What is required -
Transcribe the entries, keeping every character the same.

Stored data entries
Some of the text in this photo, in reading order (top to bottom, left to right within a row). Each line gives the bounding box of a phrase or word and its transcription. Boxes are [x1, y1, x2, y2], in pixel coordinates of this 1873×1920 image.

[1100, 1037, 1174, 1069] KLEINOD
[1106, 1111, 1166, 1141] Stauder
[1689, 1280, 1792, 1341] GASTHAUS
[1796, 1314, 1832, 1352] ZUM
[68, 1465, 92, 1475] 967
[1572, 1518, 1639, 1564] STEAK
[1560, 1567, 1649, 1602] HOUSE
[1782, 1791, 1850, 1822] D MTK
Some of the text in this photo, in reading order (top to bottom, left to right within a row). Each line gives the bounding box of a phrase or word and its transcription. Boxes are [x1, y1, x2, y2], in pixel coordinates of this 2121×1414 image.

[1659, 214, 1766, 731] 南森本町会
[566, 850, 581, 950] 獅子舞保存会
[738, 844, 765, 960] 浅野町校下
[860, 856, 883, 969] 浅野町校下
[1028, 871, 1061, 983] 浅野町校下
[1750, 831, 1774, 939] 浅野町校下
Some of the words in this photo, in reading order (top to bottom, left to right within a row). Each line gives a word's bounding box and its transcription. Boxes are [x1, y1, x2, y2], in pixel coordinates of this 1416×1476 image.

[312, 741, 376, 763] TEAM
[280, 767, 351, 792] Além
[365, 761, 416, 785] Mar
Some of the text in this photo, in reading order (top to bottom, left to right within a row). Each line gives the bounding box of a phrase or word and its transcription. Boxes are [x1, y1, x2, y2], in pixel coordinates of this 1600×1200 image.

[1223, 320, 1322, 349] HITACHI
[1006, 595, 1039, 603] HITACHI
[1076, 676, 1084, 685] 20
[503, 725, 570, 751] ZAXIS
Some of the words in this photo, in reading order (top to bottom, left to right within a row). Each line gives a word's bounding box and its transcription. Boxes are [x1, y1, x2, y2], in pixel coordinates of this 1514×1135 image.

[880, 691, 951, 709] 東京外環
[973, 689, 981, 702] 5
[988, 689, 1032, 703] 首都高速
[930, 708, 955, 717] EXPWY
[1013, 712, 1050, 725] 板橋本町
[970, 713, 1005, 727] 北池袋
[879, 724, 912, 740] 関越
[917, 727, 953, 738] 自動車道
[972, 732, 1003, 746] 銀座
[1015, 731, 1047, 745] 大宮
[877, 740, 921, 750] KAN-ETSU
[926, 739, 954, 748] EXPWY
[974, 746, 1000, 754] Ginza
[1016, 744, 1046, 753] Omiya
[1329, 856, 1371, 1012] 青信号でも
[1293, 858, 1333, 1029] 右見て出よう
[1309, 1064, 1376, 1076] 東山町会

Solution to the problem -
Some of the text in this photo, in reading order (top to bottom, left to right within a row). Each line gives the bounding box of a phrase or word and its transcription. Boxes are [x1, y1, x2, y2], in pixel coordinates of this 1873×1920 image.

[1100, 1037, 1174, 1069] KLEINOD
[1106, 1111, 1166, 1141] Stauder
[1689, 1280, 1792, 1341] GASTHAUS
[1796, 1314, 1832, 1352] ZUM
[68, 1465, 92, 1475] 967
[1572, 1518, 1639, 1564] STEAK
[1560, 1567, 1649, 1602] HOUSE
[1782, 1791, 1850, 1822] D MTK
Some of the text in this photo, in reading order (top to bottom, left to right within a row). Each line gives the bounding box of a phrase or word and its transcription. Boxes are [x1, y1, x2, y2], in pixel coordinates of this 2121×1414 image.

[1659, 214, 1766, 731] 南森本町会
[566, 850, 581, 950] 獅子舞保存会
[738, 844, 765, 960] 浅野町校下
[860, 856, 883, 969] 浅野町校下
[1028, 871, 1061, 983] 浅野町校下
[1750, 831, 1774, 939] 浅野町校下
Some of the words in this photo, in reading order (top to bottom, left to right within a row). Each line gives a word's bounding box and its transcription. Boxes are [x1, y1, x2, y2], in pixel coordinates of this 1416×1476 image.

[312, 741, 376, 763] TEAM
[280, 767, 351, 792] Além
[365, 761, 416, 785] Mar
Some of the text in this photo, in reading order (top to bottom, left to right within a row). Each line gives the bounding box of a phrase or word and its transcription. Boxes are [x1, y1, x2, y2], in pixel coordinates of this 1600×1200 image.

[1223, 320, 1322, 349] HITACHI
[1006, 595, 1039, 603] HITACHI
[1076, 676, 1084, 685] 20
[503, 725, 570, 751] ZAXIS
Some of the words in this photo, in reading order (top to bottom, left to right within a row). Each line gives a word's bounding box and its transcription. Boxes are [x1, y1, x2, y2], in pixel coordinates of this 1514×1135 image.

[880, 691, 951, 709] 東京外環
[973, 689, 981, 702] 5
[988, 689, 1032, 703] 首都高速
[930, 708, 955, 717] EXPWY
[1013, 712, 1050, 725] 板橋本町
[970, 713, 1005, 727] 北池袋
[879, 724, 912, 740] 関越
[917, 727, 953, 738] 自動車道
[972, 732, 1003, 746] 銀座
[1015, 731, 1047, 745] 大宮
[877, 740, 921, 750] KAN-ETSU
[926, 739, 954, 748] EXPWY
[974, 746, 1000, 754] Ginza
[1016, 744, 1046, 753] Omiya
[1329, 856, 1371, 1012] 青信号でも
[1293, 858, 1333, 1029] 右見て出よう
[1309, 1064, 1376, 1076] 東山町会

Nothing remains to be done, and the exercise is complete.